Source data
--
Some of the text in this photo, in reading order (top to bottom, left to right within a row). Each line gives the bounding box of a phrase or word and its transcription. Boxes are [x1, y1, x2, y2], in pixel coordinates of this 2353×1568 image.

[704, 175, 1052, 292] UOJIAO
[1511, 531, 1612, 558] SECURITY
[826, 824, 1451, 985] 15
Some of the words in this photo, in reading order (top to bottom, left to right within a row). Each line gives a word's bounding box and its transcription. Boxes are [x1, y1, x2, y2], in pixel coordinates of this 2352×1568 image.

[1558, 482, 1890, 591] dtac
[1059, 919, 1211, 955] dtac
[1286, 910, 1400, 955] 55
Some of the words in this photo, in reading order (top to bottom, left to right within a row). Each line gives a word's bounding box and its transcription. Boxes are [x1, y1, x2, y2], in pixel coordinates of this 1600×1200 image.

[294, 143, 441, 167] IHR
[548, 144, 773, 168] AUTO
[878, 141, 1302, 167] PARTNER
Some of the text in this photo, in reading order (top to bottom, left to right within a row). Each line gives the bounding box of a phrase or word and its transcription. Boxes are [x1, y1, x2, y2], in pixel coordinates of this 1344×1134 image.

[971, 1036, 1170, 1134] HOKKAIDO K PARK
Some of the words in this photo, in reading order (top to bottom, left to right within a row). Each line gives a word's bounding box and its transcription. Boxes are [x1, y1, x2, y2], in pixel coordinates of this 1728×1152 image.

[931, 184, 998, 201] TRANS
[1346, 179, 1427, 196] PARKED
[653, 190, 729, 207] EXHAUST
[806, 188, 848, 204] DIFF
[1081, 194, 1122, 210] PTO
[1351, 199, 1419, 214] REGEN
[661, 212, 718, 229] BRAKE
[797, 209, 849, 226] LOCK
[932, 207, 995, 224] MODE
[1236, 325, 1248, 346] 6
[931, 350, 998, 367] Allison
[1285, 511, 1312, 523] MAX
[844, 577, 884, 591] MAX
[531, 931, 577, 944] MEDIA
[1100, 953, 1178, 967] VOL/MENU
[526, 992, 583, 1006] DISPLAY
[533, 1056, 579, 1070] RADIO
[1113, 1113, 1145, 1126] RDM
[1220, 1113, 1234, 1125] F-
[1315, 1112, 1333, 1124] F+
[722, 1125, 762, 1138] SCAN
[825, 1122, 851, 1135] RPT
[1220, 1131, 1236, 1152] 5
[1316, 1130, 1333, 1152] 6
--
Directions :: What is needed is an exact reproduction of the data.

Result ::
Some of the text in this photo, in reading order (top to bottom, left to right within a row). Each line gives the bounding box of a phrase or word and its transcription. Boxes are [x1, y1, x2, y2], in pixel coordinates of this 2353×1568 image.

[704, 175, 1052, 292] UOJIAO
[1511, 531, 1612, 558] SECURITY
[826, 824, 1451, 985] 15
Some of the words in this photo, in reading order (top to bottom, left to right within a row). Each line gives a word's bounding box and its transcription. Boxes are [x1, y1, x2, y2], in pixel coordinates of this 2352×1568 image.

[1558, 482, 1890, 591] dtac
[1059, 919, 1211, 955] dtac
[1286, 910, 1400, 955] 55
Some of the words in this photo, in reading order (top to bottom, left to right within a row). Each line gives a word's bounding box and its transcription. Boxes are [x1, y1, x2, y2], in pixel coordinates of this 1600×1200 image.

[294, 143, 441, 167] IHR
[548, 144, 773, 168] AUTO
[878, 141, 1302, 167] PARTNER
Some of the text in this photo, in reading order (top to bottom, left to right within a row). Each line gives the bounding box of a phrase or word and its transcription. Boxes are [x1, y1, x2, y2], in pixel coordinates of this 1344×1134 image.

[971, 1036, 1170, 1134] HOKKAIDO K PARK
Some of the words in this photo, in reading order (top to bottom, left to right within a row). Each line gives a word's bounding box and its transcription. Boxes are [x1, y1, x2, y2], in pixel coordinates of this 1728×1152 image.

[931, 184, 998, 201] TRANS
[1346, 179, 1427, 196] PARKED
[653, 190, 729, 207] EXHAUST
[806, 188, 848, 204] DIFF
[1081, 194, 1122, 210] PTO
[1351, 199, 1419, 214] REGEN
[661, 212, 718, 229] BRAKE
[797, 209, 849, 226] LOCK
[932, 207, 995, 224] MODE
[1236, 325, 1248, 346] 6
[931, 350, 998, 367] Allison
[1285, 511, 1312, 523] MAX
[844, 577, 884, 591] MAX
[531, 931, 577, 944] MEDIA
[1100, 953, 1178, 967] VOL/MENU
[526, 992, 583, 1006] DISPLAY
[533, 1056, 579, 1070] RADIO
[1113, 1113, 1145, 1126] RDM
[1220, 1113, 1234, 1125] F-
[1315, 1112, 1333, 1124] F+
[722, 1125, 762, 1138] SCAN
[825, 1122, 851, 1135] RPT
[1220, 1131, 1236, 1152] 5
[1316, 1130, 1333, 1152] 6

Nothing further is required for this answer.